## How to complete this task
Would you transcribe word for word every line from the one containing "this 1600×1066 image." to the end of the data, both ends included, and leave out the rest?

Saved data entries:
┄┄┄┄┄┄┄┄┄┄┄┄┄┄┄┄┄┄┄┄

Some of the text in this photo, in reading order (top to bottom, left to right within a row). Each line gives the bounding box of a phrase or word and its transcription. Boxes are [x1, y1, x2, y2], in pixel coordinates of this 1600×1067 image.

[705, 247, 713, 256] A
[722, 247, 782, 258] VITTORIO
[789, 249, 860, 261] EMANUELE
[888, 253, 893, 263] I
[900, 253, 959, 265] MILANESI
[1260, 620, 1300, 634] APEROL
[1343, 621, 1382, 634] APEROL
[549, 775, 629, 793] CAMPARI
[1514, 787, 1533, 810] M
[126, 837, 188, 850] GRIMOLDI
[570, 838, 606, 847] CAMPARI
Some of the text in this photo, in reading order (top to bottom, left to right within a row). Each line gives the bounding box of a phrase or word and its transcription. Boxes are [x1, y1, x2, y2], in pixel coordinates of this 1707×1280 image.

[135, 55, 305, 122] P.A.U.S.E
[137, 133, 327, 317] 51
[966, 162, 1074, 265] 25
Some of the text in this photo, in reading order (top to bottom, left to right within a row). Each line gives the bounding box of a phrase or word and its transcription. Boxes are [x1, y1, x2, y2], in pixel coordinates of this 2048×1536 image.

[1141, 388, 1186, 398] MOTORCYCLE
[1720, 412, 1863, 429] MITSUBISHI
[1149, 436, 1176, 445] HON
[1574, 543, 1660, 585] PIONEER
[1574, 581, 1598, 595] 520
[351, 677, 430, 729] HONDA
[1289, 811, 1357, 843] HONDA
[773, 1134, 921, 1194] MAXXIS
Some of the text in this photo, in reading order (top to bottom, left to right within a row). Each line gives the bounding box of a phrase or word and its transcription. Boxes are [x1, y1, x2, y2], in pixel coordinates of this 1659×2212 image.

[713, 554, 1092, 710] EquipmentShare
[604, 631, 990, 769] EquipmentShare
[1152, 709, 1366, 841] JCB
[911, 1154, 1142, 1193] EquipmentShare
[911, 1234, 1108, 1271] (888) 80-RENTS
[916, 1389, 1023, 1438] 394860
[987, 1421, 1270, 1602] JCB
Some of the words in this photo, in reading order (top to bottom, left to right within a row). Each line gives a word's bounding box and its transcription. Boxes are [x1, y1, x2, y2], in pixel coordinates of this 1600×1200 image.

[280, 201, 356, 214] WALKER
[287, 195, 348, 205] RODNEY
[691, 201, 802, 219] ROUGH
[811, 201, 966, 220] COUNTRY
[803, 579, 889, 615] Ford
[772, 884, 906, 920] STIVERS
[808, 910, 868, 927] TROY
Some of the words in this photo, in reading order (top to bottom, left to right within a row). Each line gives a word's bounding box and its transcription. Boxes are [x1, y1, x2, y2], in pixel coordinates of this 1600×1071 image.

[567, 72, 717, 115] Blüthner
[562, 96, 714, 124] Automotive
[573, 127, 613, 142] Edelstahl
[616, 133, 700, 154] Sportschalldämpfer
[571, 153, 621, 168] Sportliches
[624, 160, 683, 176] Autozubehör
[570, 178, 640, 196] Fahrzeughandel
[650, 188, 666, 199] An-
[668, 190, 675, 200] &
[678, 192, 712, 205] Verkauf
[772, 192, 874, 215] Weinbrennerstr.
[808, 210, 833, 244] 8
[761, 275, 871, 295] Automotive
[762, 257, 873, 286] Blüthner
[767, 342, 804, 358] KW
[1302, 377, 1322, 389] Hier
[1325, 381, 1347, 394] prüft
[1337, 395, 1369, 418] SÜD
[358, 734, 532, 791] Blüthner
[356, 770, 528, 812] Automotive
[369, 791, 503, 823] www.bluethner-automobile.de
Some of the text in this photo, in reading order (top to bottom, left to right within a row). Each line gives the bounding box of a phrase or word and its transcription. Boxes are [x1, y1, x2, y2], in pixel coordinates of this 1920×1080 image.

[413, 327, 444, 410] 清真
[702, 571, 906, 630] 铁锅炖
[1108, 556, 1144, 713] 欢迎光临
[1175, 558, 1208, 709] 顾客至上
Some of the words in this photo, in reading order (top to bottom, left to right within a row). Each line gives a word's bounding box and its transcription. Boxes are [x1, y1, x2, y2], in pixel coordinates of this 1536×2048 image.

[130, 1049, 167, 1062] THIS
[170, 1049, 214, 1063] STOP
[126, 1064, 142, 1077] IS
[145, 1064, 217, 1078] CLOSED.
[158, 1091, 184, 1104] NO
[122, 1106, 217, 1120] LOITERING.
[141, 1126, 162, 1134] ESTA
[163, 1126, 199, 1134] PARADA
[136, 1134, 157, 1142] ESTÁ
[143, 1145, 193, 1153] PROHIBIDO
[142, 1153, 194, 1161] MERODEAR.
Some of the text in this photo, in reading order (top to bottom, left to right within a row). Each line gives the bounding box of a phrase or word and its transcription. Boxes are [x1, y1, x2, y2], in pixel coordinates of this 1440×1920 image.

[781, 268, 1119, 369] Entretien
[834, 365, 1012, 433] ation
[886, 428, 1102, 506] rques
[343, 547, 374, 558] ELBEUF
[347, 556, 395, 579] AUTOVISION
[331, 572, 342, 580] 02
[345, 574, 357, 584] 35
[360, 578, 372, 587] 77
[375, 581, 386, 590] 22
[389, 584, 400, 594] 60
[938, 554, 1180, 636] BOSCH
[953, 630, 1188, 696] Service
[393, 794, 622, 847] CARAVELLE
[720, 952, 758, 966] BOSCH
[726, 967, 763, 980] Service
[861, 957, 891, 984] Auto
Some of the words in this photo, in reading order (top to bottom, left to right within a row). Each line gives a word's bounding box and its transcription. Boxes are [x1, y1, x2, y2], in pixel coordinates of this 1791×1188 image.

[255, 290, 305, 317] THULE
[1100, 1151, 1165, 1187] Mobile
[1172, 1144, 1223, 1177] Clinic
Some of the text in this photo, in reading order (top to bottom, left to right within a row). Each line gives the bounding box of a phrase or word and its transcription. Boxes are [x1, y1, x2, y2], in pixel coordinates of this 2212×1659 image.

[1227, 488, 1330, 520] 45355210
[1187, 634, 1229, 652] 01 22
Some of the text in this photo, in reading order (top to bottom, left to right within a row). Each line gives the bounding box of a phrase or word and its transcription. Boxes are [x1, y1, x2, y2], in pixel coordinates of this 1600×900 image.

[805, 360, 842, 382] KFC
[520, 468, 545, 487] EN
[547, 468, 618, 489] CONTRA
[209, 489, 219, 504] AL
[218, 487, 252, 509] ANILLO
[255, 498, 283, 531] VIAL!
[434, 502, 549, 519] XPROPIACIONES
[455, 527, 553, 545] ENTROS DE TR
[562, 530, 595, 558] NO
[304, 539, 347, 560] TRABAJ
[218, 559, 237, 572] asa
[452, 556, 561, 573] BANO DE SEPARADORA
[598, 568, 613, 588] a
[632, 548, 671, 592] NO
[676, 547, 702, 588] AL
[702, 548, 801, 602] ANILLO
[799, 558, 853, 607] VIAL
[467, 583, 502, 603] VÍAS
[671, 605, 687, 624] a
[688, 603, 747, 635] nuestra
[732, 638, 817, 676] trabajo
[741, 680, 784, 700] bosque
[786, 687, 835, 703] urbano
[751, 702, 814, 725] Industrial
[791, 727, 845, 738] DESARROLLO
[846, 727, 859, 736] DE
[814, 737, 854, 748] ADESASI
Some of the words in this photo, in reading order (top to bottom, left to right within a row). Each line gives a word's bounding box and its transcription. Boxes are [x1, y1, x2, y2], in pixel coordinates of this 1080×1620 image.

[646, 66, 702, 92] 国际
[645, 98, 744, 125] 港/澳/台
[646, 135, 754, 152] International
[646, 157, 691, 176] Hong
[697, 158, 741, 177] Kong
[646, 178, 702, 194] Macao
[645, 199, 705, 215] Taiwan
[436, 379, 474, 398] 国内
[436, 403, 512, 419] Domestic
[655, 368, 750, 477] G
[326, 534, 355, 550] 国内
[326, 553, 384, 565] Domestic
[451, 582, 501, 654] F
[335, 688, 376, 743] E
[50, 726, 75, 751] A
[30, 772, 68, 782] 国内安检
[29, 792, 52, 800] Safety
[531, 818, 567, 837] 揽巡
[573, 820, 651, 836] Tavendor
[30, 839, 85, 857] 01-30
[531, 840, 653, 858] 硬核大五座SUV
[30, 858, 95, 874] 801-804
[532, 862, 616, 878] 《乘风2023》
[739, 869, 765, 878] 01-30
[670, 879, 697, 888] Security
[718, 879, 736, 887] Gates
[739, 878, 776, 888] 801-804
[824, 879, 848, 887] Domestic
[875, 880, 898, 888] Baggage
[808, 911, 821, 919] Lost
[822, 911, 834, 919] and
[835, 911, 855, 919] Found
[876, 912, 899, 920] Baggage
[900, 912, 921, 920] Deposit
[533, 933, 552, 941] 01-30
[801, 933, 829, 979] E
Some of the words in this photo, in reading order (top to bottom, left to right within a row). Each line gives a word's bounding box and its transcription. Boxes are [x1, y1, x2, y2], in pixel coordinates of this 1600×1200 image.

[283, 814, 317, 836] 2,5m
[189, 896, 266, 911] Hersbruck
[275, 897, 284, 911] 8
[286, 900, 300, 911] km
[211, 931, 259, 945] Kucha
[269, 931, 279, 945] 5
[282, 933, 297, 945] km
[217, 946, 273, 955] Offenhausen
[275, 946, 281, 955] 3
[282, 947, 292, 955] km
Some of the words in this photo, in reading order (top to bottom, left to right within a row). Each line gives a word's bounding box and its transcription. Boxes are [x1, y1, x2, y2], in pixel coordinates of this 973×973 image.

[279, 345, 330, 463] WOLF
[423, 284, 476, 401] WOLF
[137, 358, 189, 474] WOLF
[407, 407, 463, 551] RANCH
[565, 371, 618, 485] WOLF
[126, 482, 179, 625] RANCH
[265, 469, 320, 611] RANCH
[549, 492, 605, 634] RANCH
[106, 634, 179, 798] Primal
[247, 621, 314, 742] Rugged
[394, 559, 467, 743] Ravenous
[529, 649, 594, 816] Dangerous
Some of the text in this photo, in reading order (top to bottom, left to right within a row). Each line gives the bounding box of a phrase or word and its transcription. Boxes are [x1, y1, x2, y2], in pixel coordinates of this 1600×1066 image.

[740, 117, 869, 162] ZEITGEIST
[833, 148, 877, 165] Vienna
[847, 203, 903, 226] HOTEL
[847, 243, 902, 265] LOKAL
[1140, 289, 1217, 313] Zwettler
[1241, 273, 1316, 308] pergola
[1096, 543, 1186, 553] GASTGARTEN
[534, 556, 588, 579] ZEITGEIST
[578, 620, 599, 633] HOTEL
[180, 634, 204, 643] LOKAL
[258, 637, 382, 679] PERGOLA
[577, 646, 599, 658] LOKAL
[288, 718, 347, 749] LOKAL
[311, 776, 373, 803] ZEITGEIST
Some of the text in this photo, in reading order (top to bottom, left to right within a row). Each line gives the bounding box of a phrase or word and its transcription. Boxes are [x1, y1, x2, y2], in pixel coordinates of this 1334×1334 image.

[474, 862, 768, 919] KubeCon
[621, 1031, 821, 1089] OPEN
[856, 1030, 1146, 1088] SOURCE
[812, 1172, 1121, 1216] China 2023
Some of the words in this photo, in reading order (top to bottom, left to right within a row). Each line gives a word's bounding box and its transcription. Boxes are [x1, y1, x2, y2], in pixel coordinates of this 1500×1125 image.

┄┄┄┄┄┄┄┄┄┄┄┄┄┄┄┄┄┄┄┄

## Answer
Some of the text in this photo, in reading order (top to bottom, left to right within a row). Each line gives the bounding box of a phrase or word and its transcription. Boxes are [x1, y1, x2, y2], in pixel coordinates of this 1600×1066 image.

[740, 117, 869, 162] ZEITGEIST
[833, 148, 877, 165] Vienna
[847, 203, 903, 226] HOTEL
[847, 243, 902, 265] LOKAL
[1140, 289, 1217, 313] Zwettler
[1241, 273, 1316, 308] pergola
[1096, 543, 1186, 553] GASTGARTEN
[534, 556, 588, 579] ZEITGEIST
[578, 620, 599, 633] HOTEL
[180, 634, 204, 643] LOKAL
[258, 637, 382, 679] PERGOLA
[577, 646, 599, 658] LOKAL
[288, 718, 347, 749] LOKAL
[311, 776, 373, 803] ZEITGEIST
Some of the text in this photo, in reading order (top to bottom, left to right within a row). Each line gives the bounding box of a phrase or word and its transcription. Boxes are [x1, y1, x2, y2], in pixel coordinates of this 1334×1334 image.

[474, 862, 768, 919] KubeCon
[621, 1031, 821, 1089] OPEN
[856, 1030, 1146, 1088] SOURCE
[812, 1172, 1121, 1216] China 2023
Some of the words in this photo, in reading order (top to bottom, left to right within a row). Each line gives a word's bounding box and its transcription. Boxes are [x1, y1, x2, y2], in pixel coordinates of this 1500×1125 image.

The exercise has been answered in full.